--- TASK TO COMPLETE ---
Some lines below hold "Senato". Pick them out and copy them.

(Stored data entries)
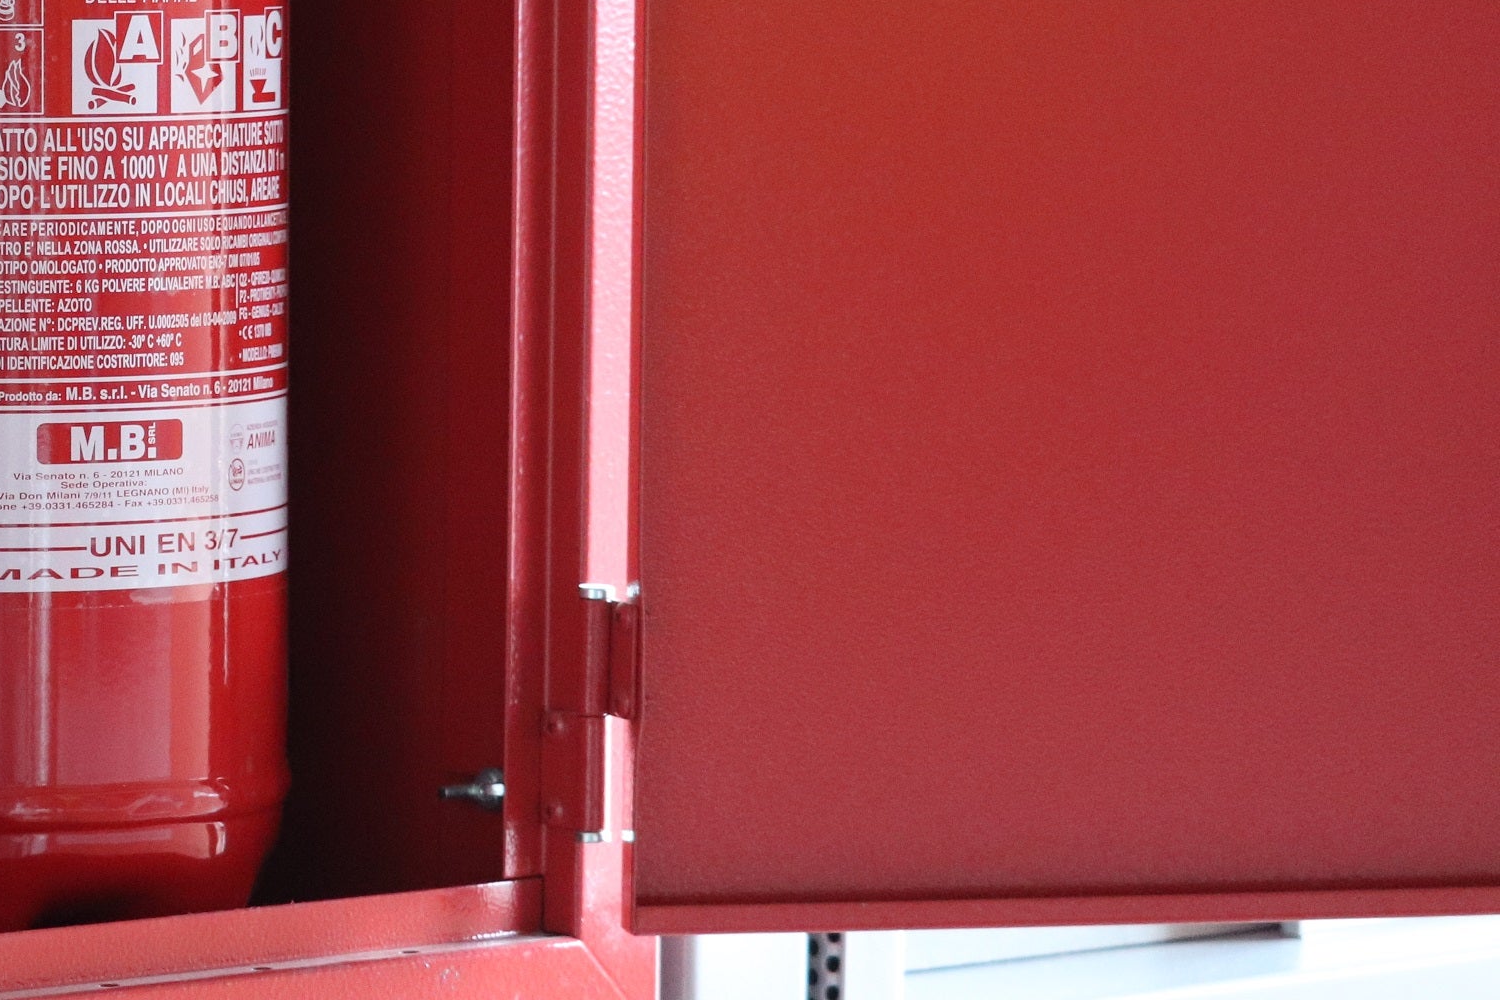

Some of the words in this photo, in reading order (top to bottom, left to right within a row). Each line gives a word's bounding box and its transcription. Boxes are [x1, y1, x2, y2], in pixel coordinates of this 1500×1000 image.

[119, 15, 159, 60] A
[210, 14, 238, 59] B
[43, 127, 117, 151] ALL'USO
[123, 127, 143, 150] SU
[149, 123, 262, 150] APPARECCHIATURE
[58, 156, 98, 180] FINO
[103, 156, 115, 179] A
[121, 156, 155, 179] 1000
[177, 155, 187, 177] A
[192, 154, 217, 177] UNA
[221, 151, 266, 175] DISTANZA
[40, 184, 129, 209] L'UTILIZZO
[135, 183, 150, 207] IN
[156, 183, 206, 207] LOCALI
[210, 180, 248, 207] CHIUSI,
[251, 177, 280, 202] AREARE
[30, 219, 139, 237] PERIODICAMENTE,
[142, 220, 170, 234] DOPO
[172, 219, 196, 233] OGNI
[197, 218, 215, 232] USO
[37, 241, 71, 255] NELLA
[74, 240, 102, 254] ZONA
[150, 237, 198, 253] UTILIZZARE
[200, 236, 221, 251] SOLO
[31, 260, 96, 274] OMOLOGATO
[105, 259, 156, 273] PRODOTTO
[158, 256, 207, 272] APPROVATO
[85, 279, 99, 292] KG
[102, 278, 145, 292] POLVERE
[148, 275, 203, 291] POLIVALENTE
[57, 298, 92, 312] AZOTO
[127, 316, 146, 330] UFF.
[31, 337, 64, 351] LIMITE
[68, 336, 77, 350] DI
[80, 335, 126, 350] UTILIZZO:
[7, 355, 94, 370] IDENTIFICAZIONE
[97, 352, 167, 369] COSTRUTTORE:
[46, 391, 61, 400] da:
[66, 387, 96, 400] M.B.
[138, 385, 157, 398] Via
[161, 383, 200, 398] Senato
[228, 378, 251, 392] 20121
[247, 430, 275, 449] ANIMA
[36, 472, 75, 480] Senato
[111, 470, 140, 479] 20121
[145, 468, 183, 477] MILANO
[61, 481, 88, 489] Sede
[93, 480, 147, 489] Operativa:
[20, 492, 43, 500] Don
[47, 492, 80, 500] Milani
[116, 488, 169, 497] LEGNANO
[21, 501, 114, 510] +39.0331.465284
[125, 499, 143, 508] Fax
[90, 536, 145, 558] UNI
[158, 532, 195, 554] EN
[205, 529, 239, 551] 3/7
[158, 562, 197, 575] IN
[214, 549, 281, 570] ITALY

--- TASK RESPONSE ---
[161, 383, 200, 398] Senato
[36, 472, 75, 480] Senato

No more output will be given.